Служанка кивнула в знак согласия — она хорошо знала характер бывшего любовника Евдоксии — и пошла одеваться.

— Дубыня, а тебе действительно придется подежурить до вечера, Я оставляю Бука, сам же отправляюсь туда, где мы с тобой живем. Думаю, нам прямо из таверны придется сразу уехать… Можно было не рисковать и не оставаться тебе в этом доме, но куда денешь вот этого мычащего бугая?! С собой не возьмешь… Убить?

— Только не делайте этого! Я вас Христом Богом прошу! — чуть ли не взвизгнула Евдоксия.
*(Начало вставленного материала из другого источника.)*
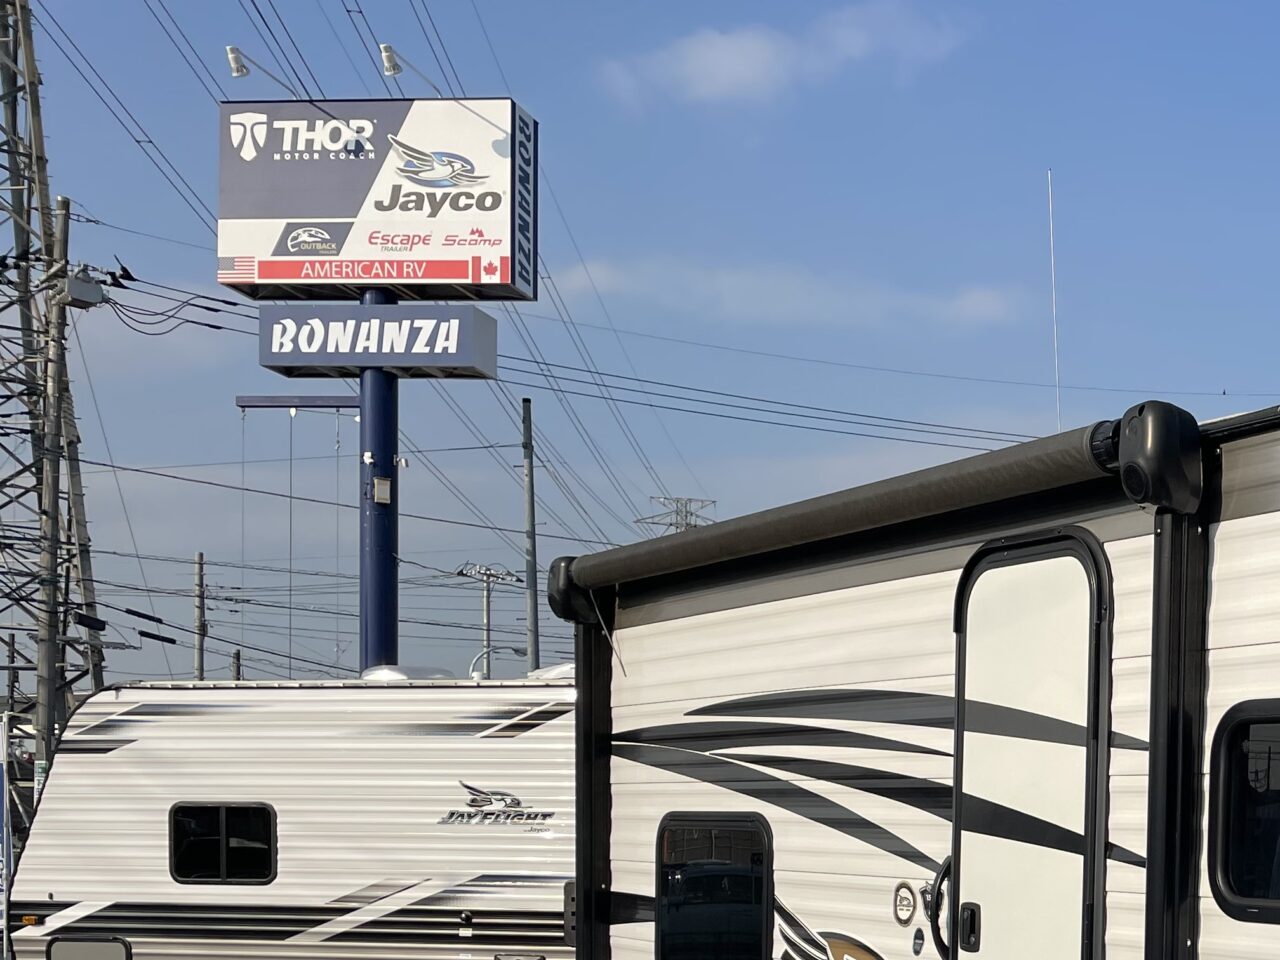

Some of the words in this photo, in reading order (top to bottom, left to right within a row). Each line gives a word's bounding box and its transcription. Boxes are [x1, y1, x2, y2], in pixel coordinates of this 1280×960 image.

— Нашла от имени кого просить… У нас, милая, свои боги… Дождемся служанку, убедимся в благоразумии Пустого Медного Быка, и я тронусь в предместье святого Мамы… Собирать наши с тобой, друг, пожитки… Там, сам знаешь, лежит великое наше богатство — жезл верховного жреца Родослава, и во исполнение удачи он должен быть с нами… И не менее драгоценная для меня вещь — статуэтка богини…

Вернулась служанка. За время, проведенное в пути до форума Быка, где находилась резиденция Иктиноса, и обратно, девушка заметно успокоилась и сказала, что регионарх сделает все так, как велит Варда…

— Отлично! — воскликнул Доброслав и вскоре был уже на улице.

А в предместье его снова ждал негус Джамшид, который и передал слова Леонтия о том, чтобы он был к обеду в патриаршей библиотеке.

Из предместья святого Мамы, нагруженный вещами и Дубыни, с жезлом верховного жреца, засунутым под кожаную куртку, Доброслав снова по улице Меса достиг форума Константина, площади, наиболее украшенной колоннами, портиками и триумфальными арками. В центре возвышалась колонна Константина Великого. Рядом с площадью — большой рынок булочников, к которому примыкала улица, называемая улицей Слез. На ней продавали рабов. Вообще Доброслав заметил, что Константинополь удивительный город: грязь и мрамор, нищета и роскошь, обилие богато одетых, смеющихся людей и плачущих, обиженных и униженных. «Интересно, а как в Киеве?.. — подумал Доброслав. — Есть ли там богатые и бедные? Наверное, есть».

Но вот и другая площадь — Августеона. Тут находились резиденция патриарха и библиотека, представляющая собой прямоугольное одноэтажное купольное здание на четырех колоннах, с двумя выходами. У одного из них Доброслав увидел негуса Джама, который помахал ему рукой. Клуд направился к нему, и вскоре они поднимались по мраморной лестнице внутрь помещения. Только краем глаза Доброслав увидел тянущиеся во всю стену полки, которые были заставлены медными сундуками. Он успел только подумать: «В них-то, наверное, и лежат книги, по которым учатся своей премудрости греки…», а негус уже потянул его за рукав в узкую боковую дверь.

Знал бы язычник, что раньше книги из пергамента лежали на полках просто так, открытые всякому, но после того, как Лев III Исаврийский сжег библиотеку, оставшиеся фолианты упрятали в сундуки. Хотя сейчас им ничего не угрожало, они так и остались в них. «Пусть там и будут, — рассудил Фотий, — подольше сохранятся».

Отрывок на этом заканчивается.